Note: you can get away with having 1 road from the entrance to the top tier, just ensure to leave walking room between buildings.
Suggested Style: Non-Industrial/Modern
-Looks really good and unique
-Easy to traverse
-Simple building style
-Size is limited by time
The radial pattern works in a similar way to districts, but everything is branching out from a central point. You can arrange this pattern to function like the tiered pattern, both function like an onion: layers. The tiered pattern focuses on authority/riches/royalty while the radial pattern focuses on importance/defence. The focus of the radial pattern is the center point. Usually, the center would be something akin to a political structure, but if your city has a theme it could change (to a massive mine for a mining town, or a military headquarters for a military city). Expanding is easy, the only thing to be cautious about is centralizing the important structures.
It doesn't matter what design you pick, but I'm going to reference the standards I went over before as they come in handy when designing a city. Pick how you want your city to look. Do you want to give houses yards in front/back or have them right up against the "curb". Do you want all buildings in an area to be two or more stories to make it look like downtown, or keep them to one story suburbs? These things will denote exactly what you can do to your city later.
Districts have been mentioned more than once during this guide, and yet I think I can still make a section out of it. The point of having districts is to concentrate buildings of a certain type to keep your city organized. Usually, labeling districts isn’t required; the change of materials/structures should be a give-away. However, one may still wish to add in signs for aesthetics.
Determining if you need districts
Only really large cities are required to have districts, especially in Minecraft. Small cities would not be ideal for districts, but a huge metropolis would be confusing without them. A city that one builds casually will not run into the need for districts, but a city coming from an expert builder (in scale) is highly likely to include such a feature.
A couple projects I have found can give you an idea on how large a project must be to create districts: The Horizon City zombie apocalypse map: When completed, the city is supposed to be 1000x1000 blocks. The only way to keep players sane (and not lost) is to separate the city into districts. The Mineton city: It’s massive, it’s based off real architecture, and it’s quite cool to look at. Although it lacks specified districts it does separate out into downtown, suburban and farmland locations.
Building a city with districts
Casual players be warned: planning is a keystone with districts. And not the 2-seconds-in-MSPaint kind, the hour-long-brainstorming variety.

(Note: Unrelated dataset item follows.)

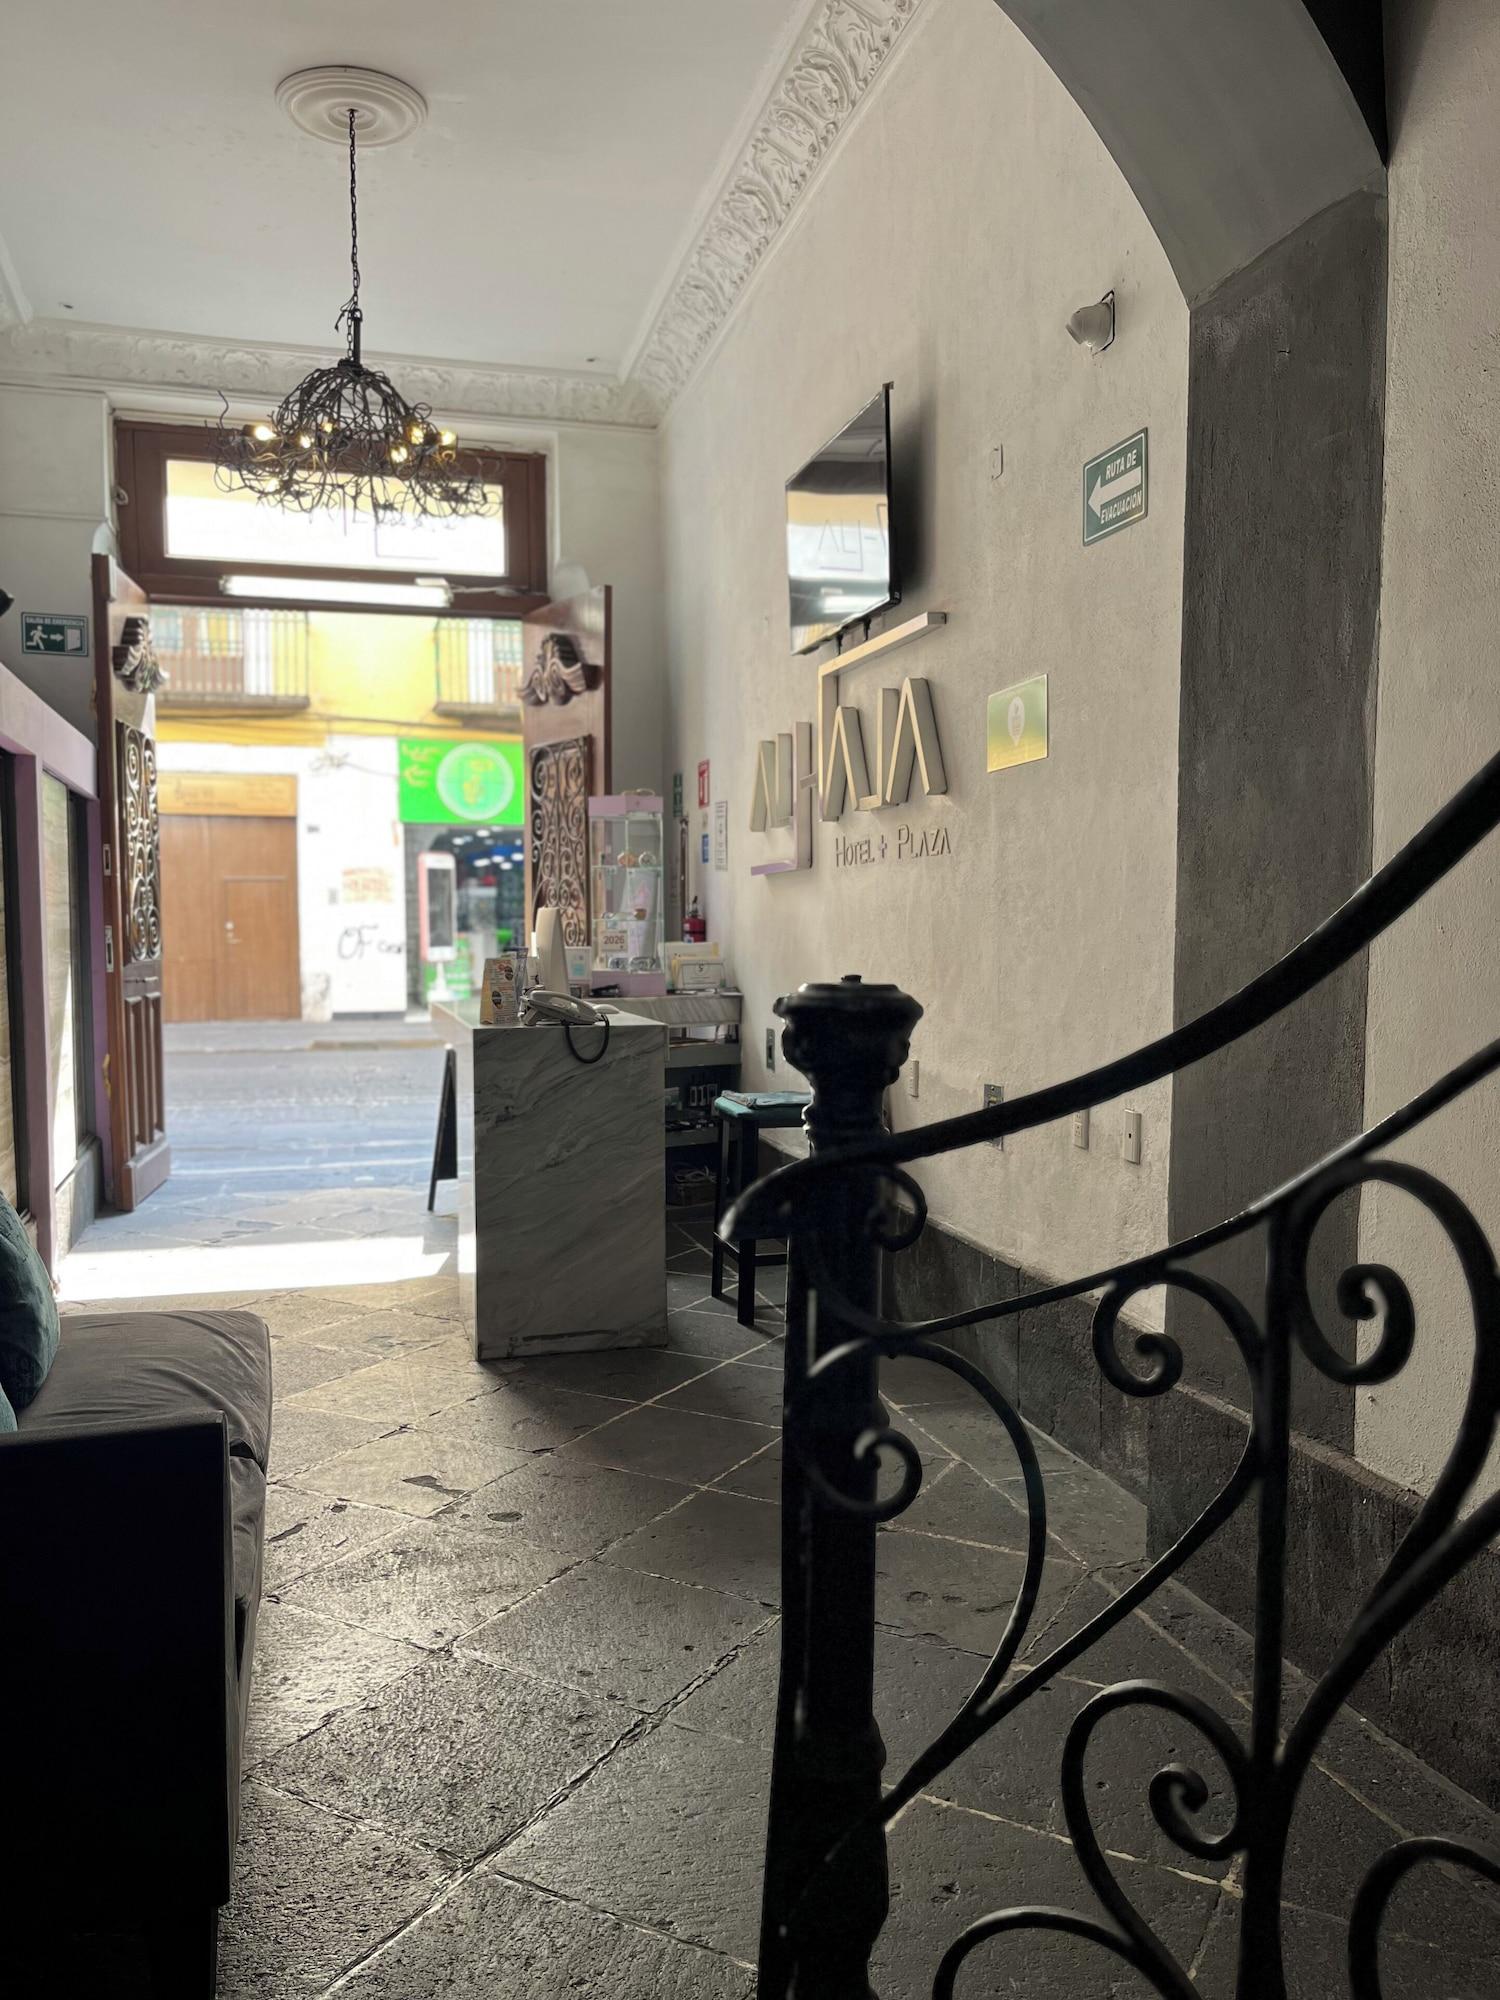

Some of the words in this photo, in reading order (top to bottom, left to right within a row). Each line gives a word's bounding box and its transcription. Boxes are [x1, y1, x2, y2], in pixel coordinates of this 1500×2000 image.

To build districts, you need to plan, heavily plan. What do I mean? You need to know what you are building, where you are building it, and how big it is. In other words:
You need to know what buildings are going into your city. The whole point of districts is to separate different types of buildings (mining, processing, storage, housing…etc.)
You need a location, and design around that. If your city is by the coast, you’ll probably want some form of docks incorporated. If you’ve got a narrow space, you shouldn’t design a large city to find out it won’t fit.
You need to scale your districts appropriately. Cities will often focus around a few key districts, and so they will be larger than others. Also, you need to make sure there are enough buildings in each district and make sure the player can always know which district they are in and when they enter a new one (you can do walls, signs, different building materials, different building architecture…etc.)
This is mainly for those interested in making kingdoms and alike, but it can apply to cities/town. Giving your city history can make the world more interesting. If you are making a city, then you can add monuments/memorials/statues for certain wars/battles/events. Maybe there was a huge Creeper War where half the city was destroyed (in which case you would build a statue of a Creeper or have a blasted building/wall), or was there an earthquake that split 1 island into 2? Adding these can take up empty spaces and make potential players more interested in exploring the city. The theme of the city could also be related to any events that happened (a miner town with lots of gold left over from a gold rush). The city could even be named after events (using the previous gold rush example, the town could be named Yellow Cliff).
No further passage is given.